| インドール3カルビノール (Indole-3-carbinol)( I3C ) |
インドールはベンゼン環とピロール環が縮合した構造をとる有機化合物である。窒素原子の孤立電子対が芳香環の形成に関与しているためインドールは塩基ではない。 インドールは室温では固体だが、大便臭を発散する。実際大便の臭い成分にもインドールが含まれる。ところが非常に低濃度の場合は花のような香りがあり、オレンジやジャスミンなど多くの花の香りの成分でもあって、香水に使われる天然ジャスミン油は約2.5%のインドールを含む。現在では合成インドールが香水や香料に使われている。またコールタールにも含まれる。
インドールの構造(インドール環)はいろいろな有機化合物、特に生体物質に含まれる。この中にはTryptophanやインドールアルカロイドなどがある。

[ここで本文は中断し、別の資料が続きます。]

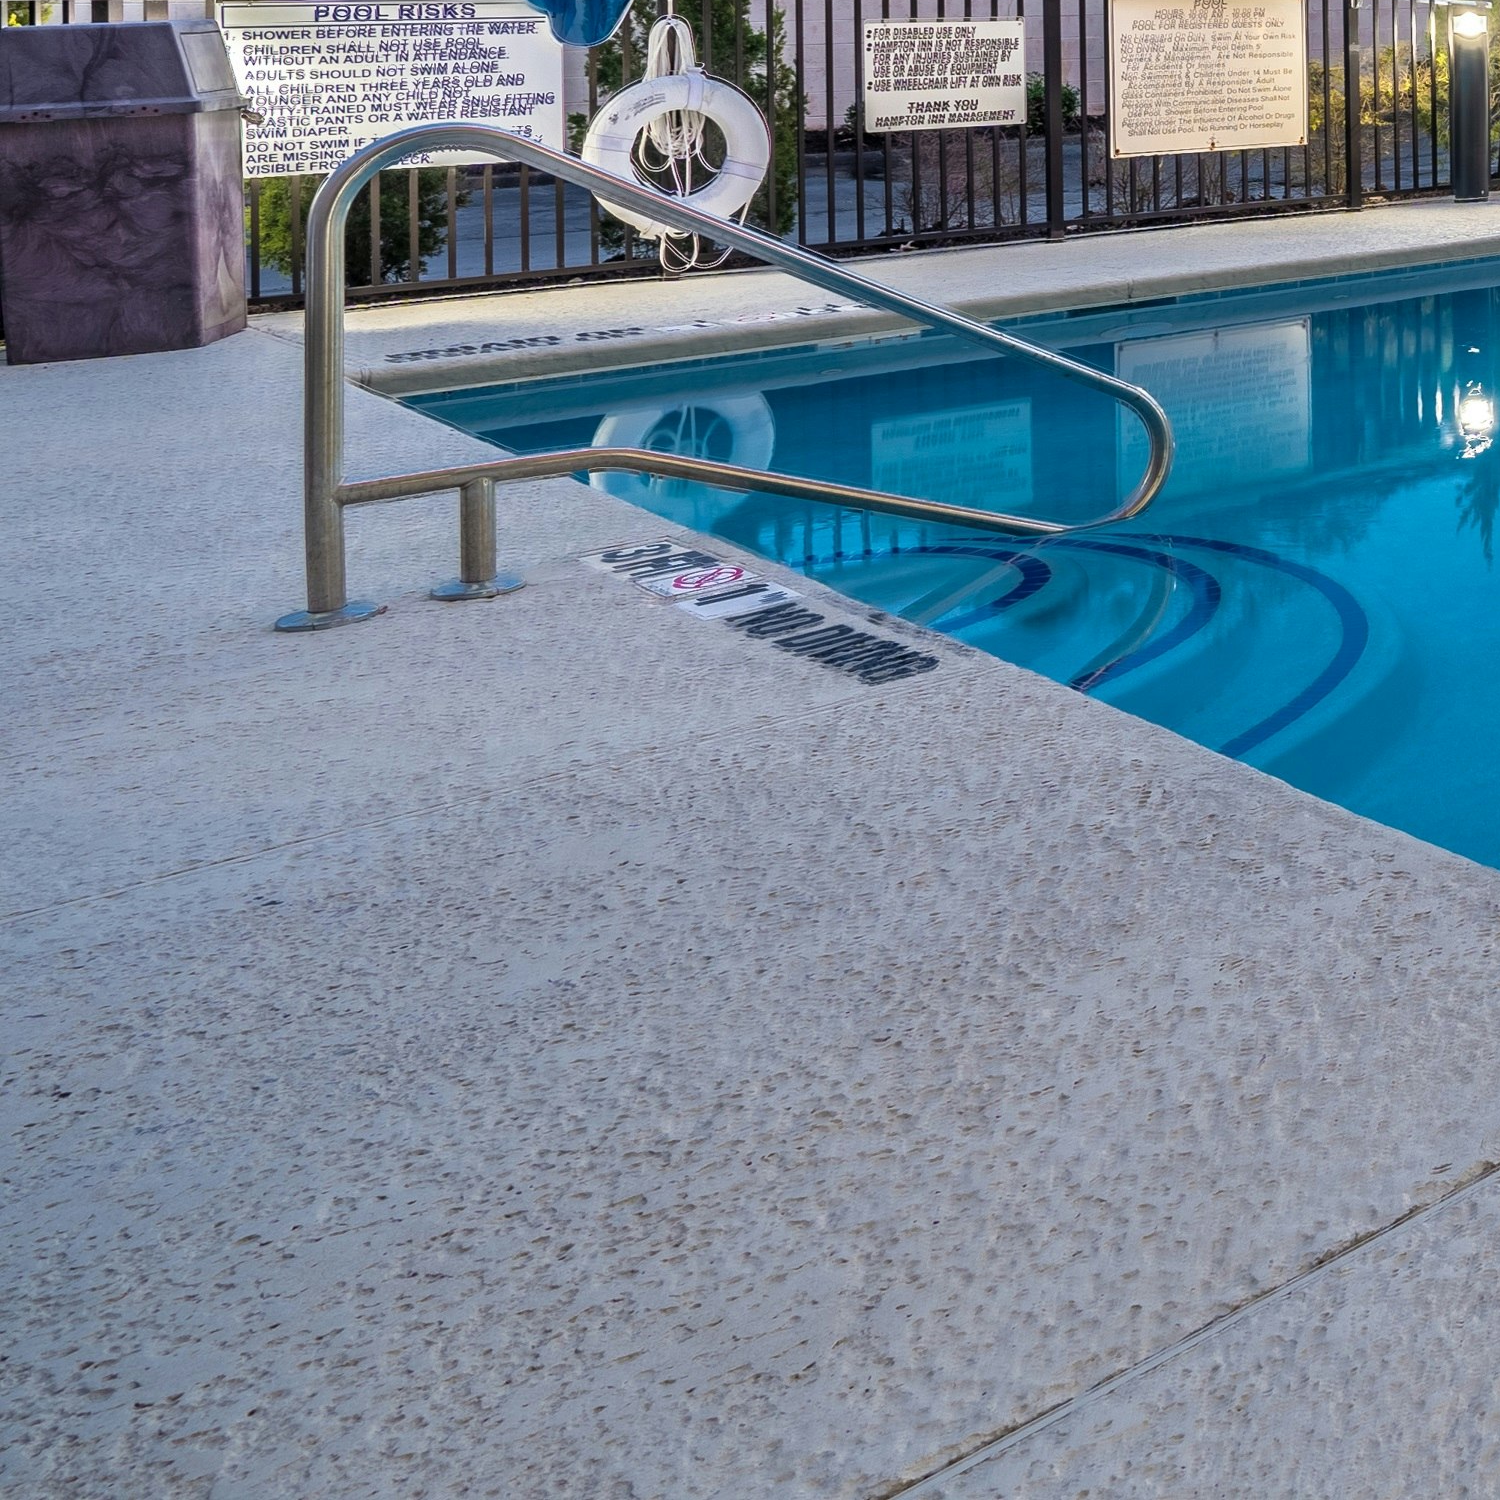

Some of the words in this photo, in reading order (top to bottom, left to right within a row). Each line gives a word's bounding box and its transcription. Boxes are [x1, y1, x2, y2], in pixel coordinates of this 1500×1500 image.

[315, 4, 389, 22] POOL
[399, 3, 476, 20] RISKS
[242, 29, 311, 40] SHOWER
[315, 26, 377, 39] BEFORE
[381, 23, 454, 37] ENTERING
[460, 22, 485, 35] THE
[488, 21, 538, 34] WATER.
[873, 28, 891, 40] FOR
[893, 27, 934, 40] DISABLED
[936, 26, 953, 39] USE
[954, 26, 977, 38] ONLY
[1179, 20, 1229, 30] REGISTERED
[1231, 20, 1262, 29] GUESTS
[1265, 19, 1285, 28] ONLY
[243, 44, 322, 56] CHILDREN
[326, 41, 376, 55] SHALL
[379, 40, 409, 53] NOT
[413, 39, 442, 52] USE
[445, 37, 485, 51] POOL
[873, 41, 916, 54] HAMPTON
[917, 40, 933, 53] INN
[935, 40, 944, 52] IS
[945, 39, 963, 52] NOT
[964, 37, 1020, 51] RESPONSIBLE
[244, 55, 315, 66] WITHOUT
[319, 54, 340, 65] AN
[343, 52, 391, 64] ADULT
[395, 50, 410, 62] IN
[412, 46, 510, 62] ATTENDANCE.
[873, 53, 891, 66] FOR
[892, 53, 911, 65] ANY
[912, 51, 952, 64] INJURIES
[952, 51, 999, 63] SUSTAINED
[1000, 50, 1012, 62] BY
[245, 69, 306, 81] ADULTS
[310, 68, 372, 80] SHOULD
[376, 64, 406, 78] NOT
[410, 63, 448, 77] SWIM
[873, 66, 892, 79] USE
[892, 65, 906, 78] OR
[907, 64, 936, 77] ABUSE
[936, 63, 949, 76] OF
[950, 62, 998, 76] EQUIPMENT
[245, 84, 275, 96] ALL
[278, 82, 356, 95] CHILDREN
[360, 80, 409, 92] THREE
[412, 76, 461, 90] YEARS
[464, 75, 493, 88] OLD
[496, 72, 526, 87] AND
[873, 79, 892, 92] USE
[892, 77, 949, 91] WHEELCHAIR
[950, 76, 968, 89] LIFT
[969, 75, 981, 88] AT
[981, 75, 1001, 88] OWN
[1002, 73, 1022, 87] RISK
[250, 93, 323, 107] OUNGER
[326, 92, 358, 105] AND
[361, 91, 392, 104] ANY
[395, 88, 439, 102] CHILD
[442, 85, 472, 100] NOT
[371, 100, 409, 113] MUST
[413, 97, 458, 112] WEAR
[461, 93, 501, 109] SNUG
[504, 91, 556, 107] FITTING
[315, 113, 365, 126] PANTS
[367, 112, 391, 124] OR
[392, 111, 404, 123] A
[406, 107, 457, 122] WATER
[460, 102, 534, 119] RESISTANT
[907, 101, 950, 114] THANK
[953, 99, 979, 112] YOU
[875, 114, 925, 128] HAMPTON
[927, 112, 946, 126] INN
[948, 109, 1016, 124] MANAGEMENT
[246, 127, 289, 140] SWIM
[291, 125, 353, 138] DIAPER.
[246, 141, 269, 154] DO
[273, 140, 305, 152] NOT
[310, 138, 350, 151] SWIM
[354, 137, 367, 148] IF
[245, 160, 305, 175] VISIBLE
[309, 159, 343, 173] FRO
[246, 152, 279, 164] ARE
[601, 543, 672, 563] 3
[612, 550, 721, 578] FT
[723, 601, 826, 639] NO
[770, 623, 941, 686] DIVING
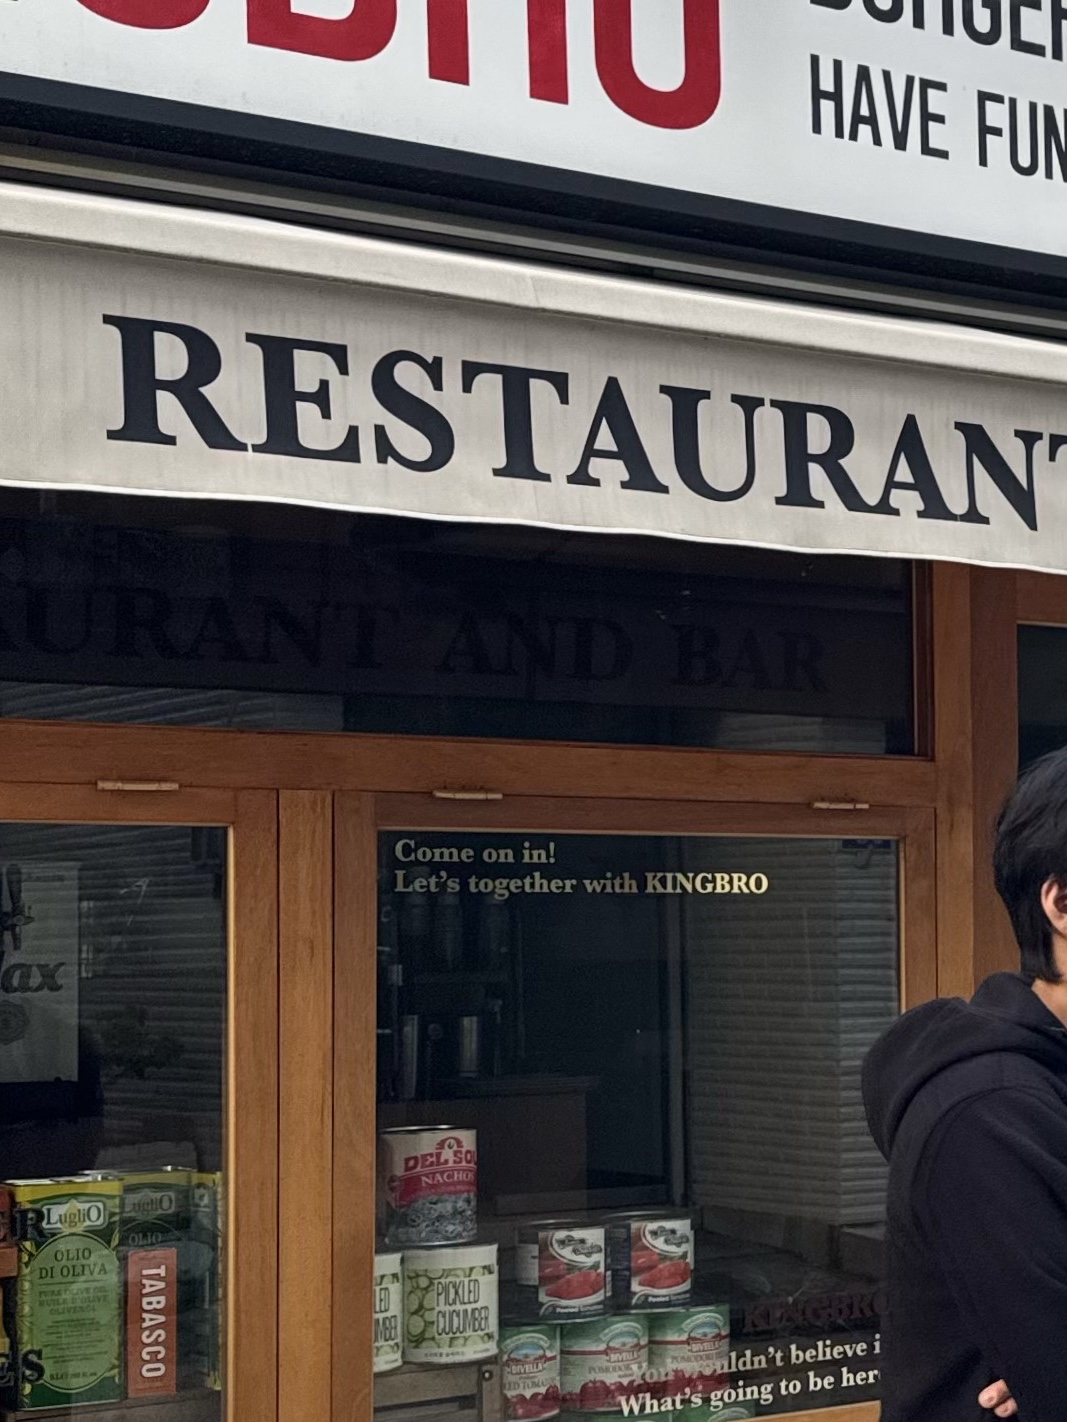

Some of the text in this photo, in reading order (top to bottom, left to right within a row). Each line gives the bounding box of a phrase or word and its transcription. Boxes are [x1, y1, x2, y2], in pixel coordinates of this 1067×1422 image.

[809, 53, 950, 162] HAVE
[395, 839, 556, 864] Come on in!
[394, 870, 769, 900] Let's together with KINGBRO
[1, 962, 66, 993] ax
[404, 1151, 449, 1172] DEL
[54, 1248, 92, 1262] OLIO
[39, 1262, 108, 1280] DI OLIVA
[436, 1279, 480, 1307] PICKLED
[141, 1264, 166, 1379] TABASCO
[436, 1306, 490, 1336] CUCUMBER
[790, 1339, 868, 1366] believe
[873, 1333, 881, 1354] i
[619, 1387, 703, 1417] What's
[710, 1380, 774, 1412] going
[780, 1378, 801, 1395] to
[808, 1371, 835, 1391] be
[841, 1367, 881, 1388] her

インドールは求電子置換反応を3位に受けやすく、インドールに置換基のついた構造はTryptophanに由来する神経伝達物質のセロトニンやmelatonin、麦角アルカロイド(またそれをもとに合成されたLSD)など幻覚作用を示すアルカロイドに含まれる。また植物ホルモンの一種オーキシン(インドリル-3-酢酸、IAA)のほか、人工化合物では非ステロイド性抗炎剤のインドメタシン、βブロッカーのピンドロールなどにも含まれる。
インドールの名は植物由来の染料であるインディゴ(酸化されたインドール分子2個が連結した構造をもつ)に由来する。